(Free-text object descriptions)
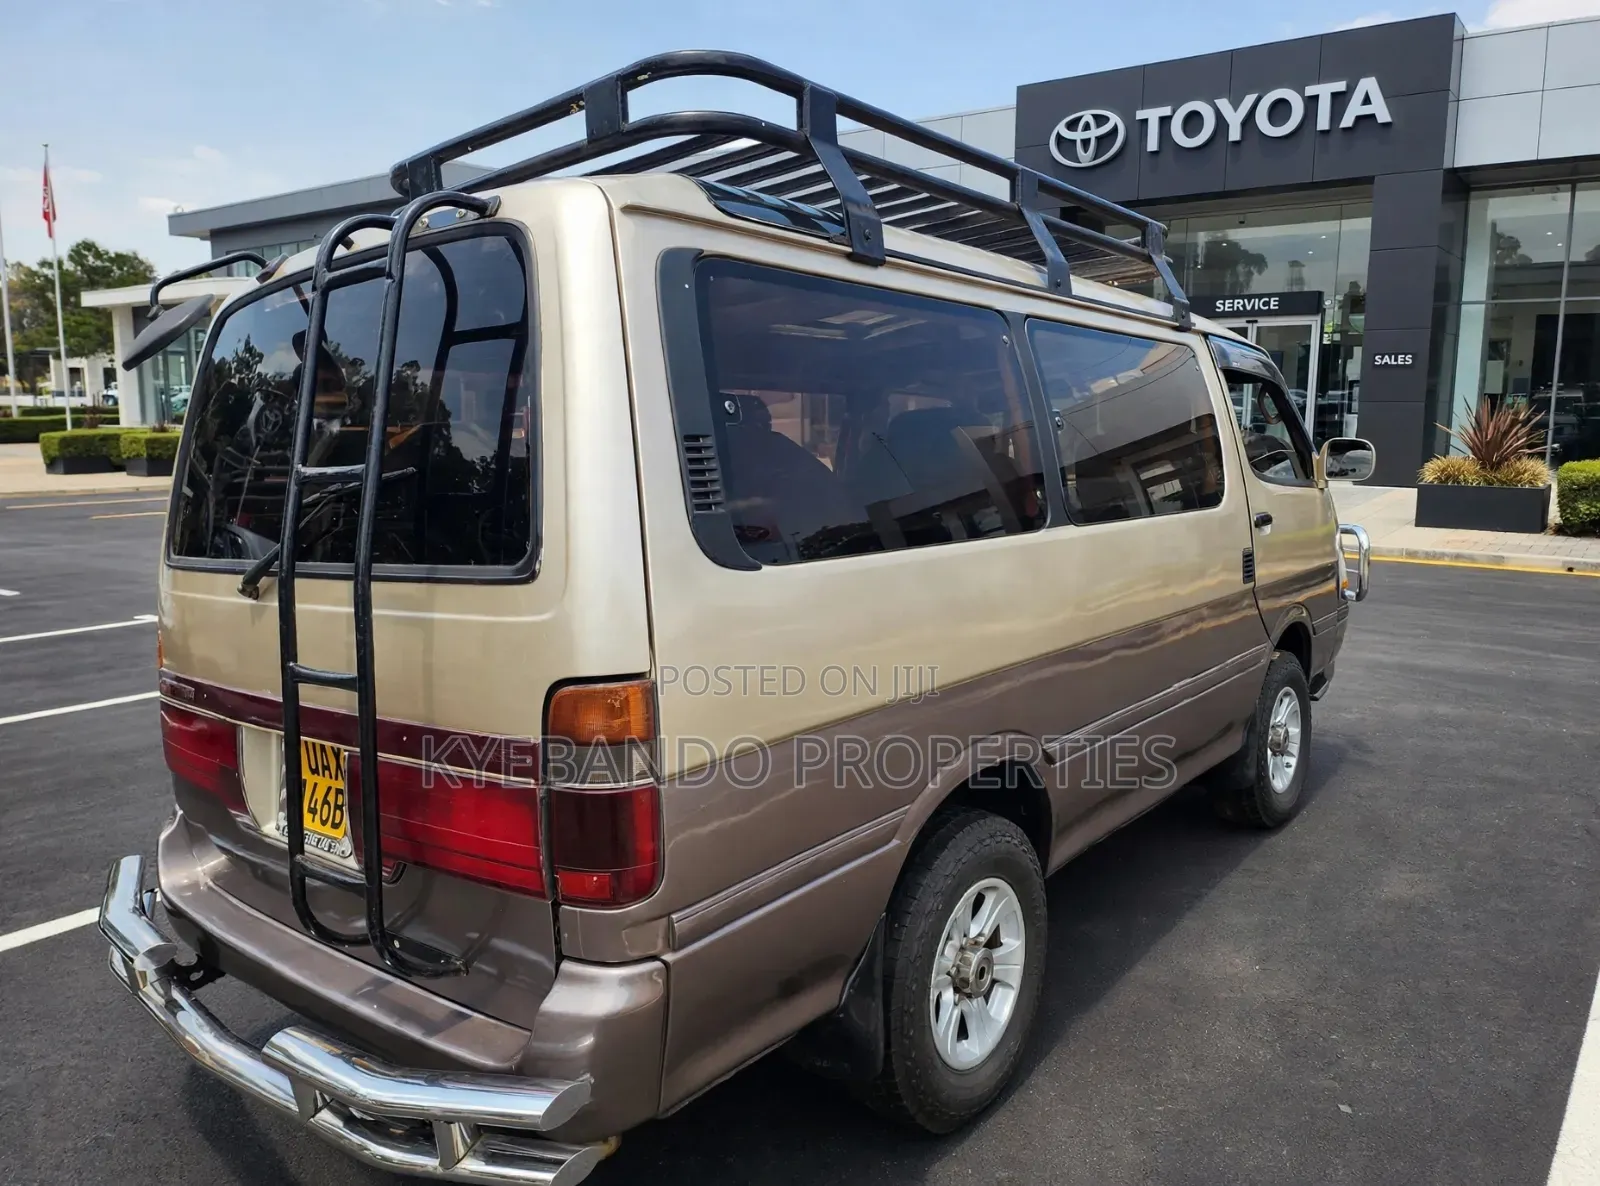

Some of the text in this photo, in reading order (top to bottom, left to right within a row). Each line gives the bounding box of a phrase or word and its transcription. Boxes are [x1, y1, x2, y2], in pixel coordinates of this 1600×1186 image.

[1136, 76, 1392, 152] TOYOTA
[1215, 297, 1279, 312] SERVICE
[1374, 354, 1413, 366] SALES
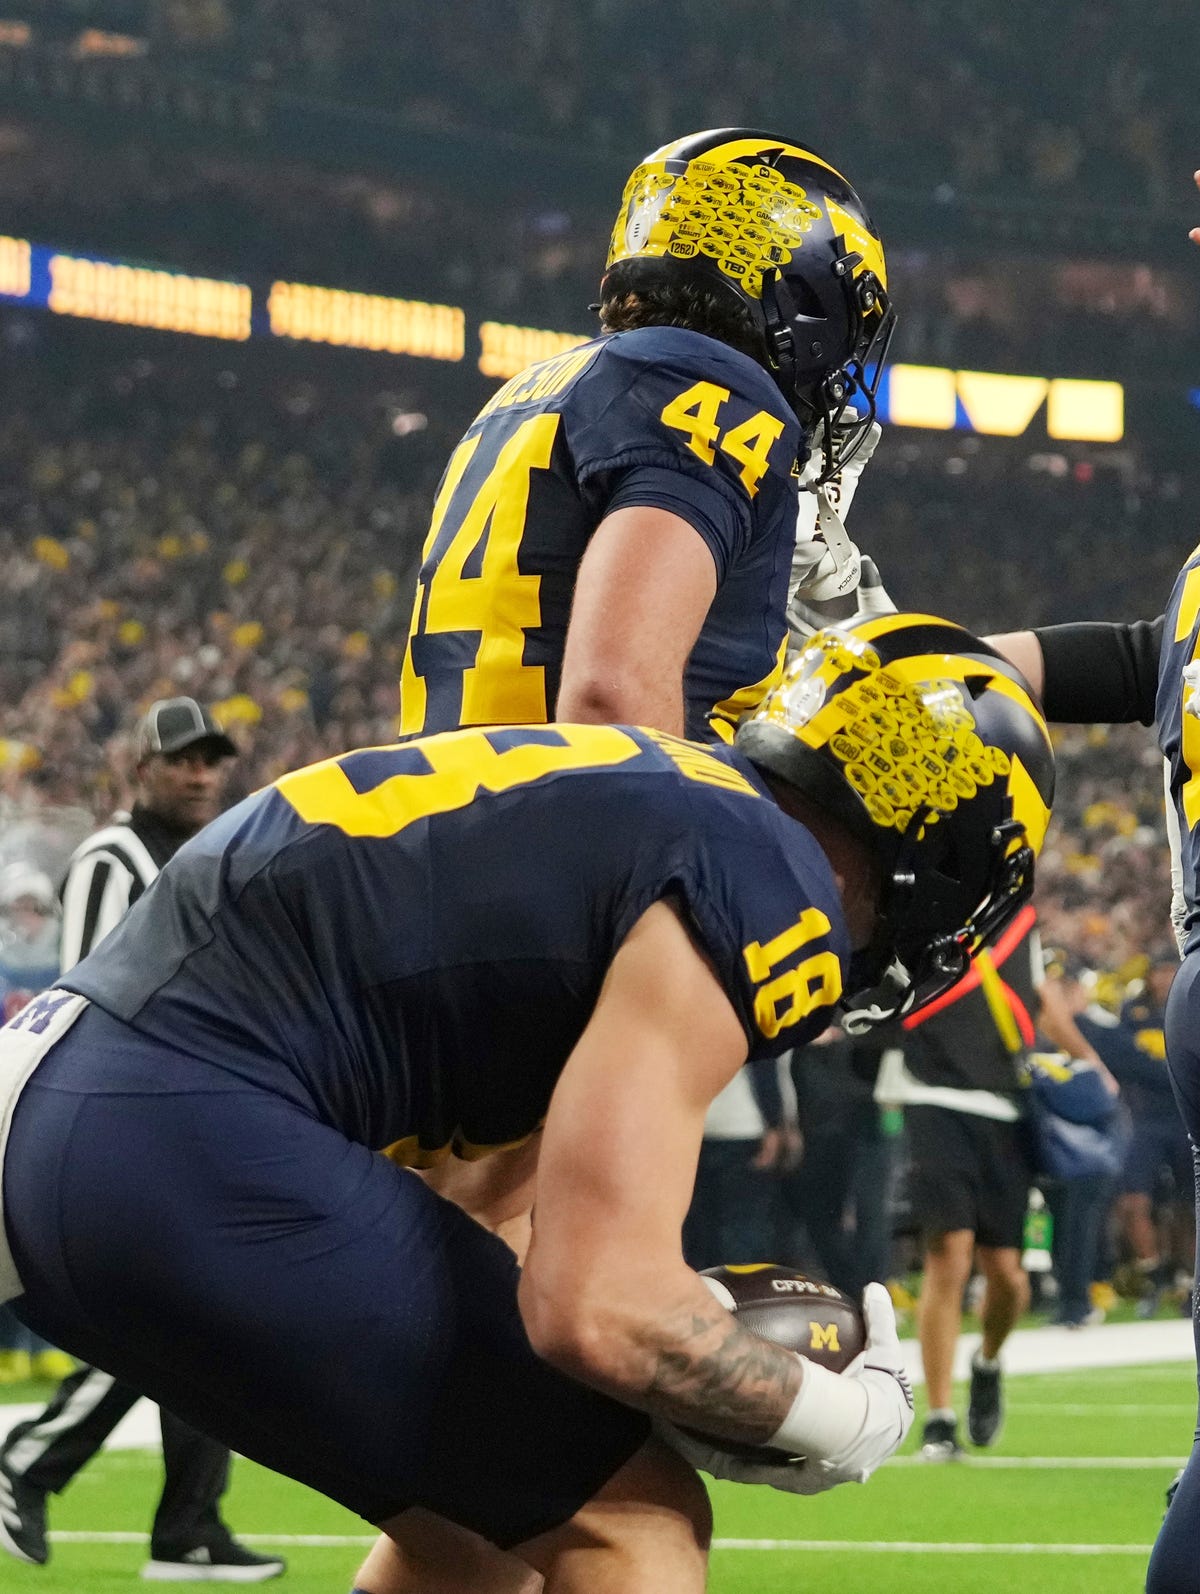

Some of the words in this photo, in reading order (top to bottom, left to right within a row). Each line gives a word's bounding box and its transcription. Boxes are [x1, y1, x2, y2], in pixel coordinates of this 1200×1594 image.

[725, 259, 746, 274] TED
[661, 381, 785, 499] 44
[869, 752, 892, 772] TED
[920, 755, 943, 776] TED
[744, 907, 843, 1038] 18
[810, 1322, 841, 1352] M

> Exercise
The result should be a precise copy of all the entries, free of pictures.

> Exercise solution
Some of the text in this photo, in reading order (top to bottom, left to right within a row). Each line gives the bounding box of a phrase or word and its transcription. Boxes are [x1, y1, x2, y2], in pixel coordinates of this 1600×1186 image.

[1136, 76, 1392, 152] TOYOTA
[1215, 297, 1279, 312] SERVICE
[1374, 354, 1413, 366] SALES

Some of the words in this photo, in reading order (top to bottom, left to right within a row). Each line gives a word's bounding box and its transcription. Boxes are [x1, y1, x2, y2], in pixel coordinates of this 1200×1594 image.

[725, 259, 746, 274] TED
[661, 381, 785, 499] 44
[869, 752, 892, 772] TED
[920, 755, 943, 776] TED
[744, 907, 843, 1038] 18
[810, 1322, 841, 1352] M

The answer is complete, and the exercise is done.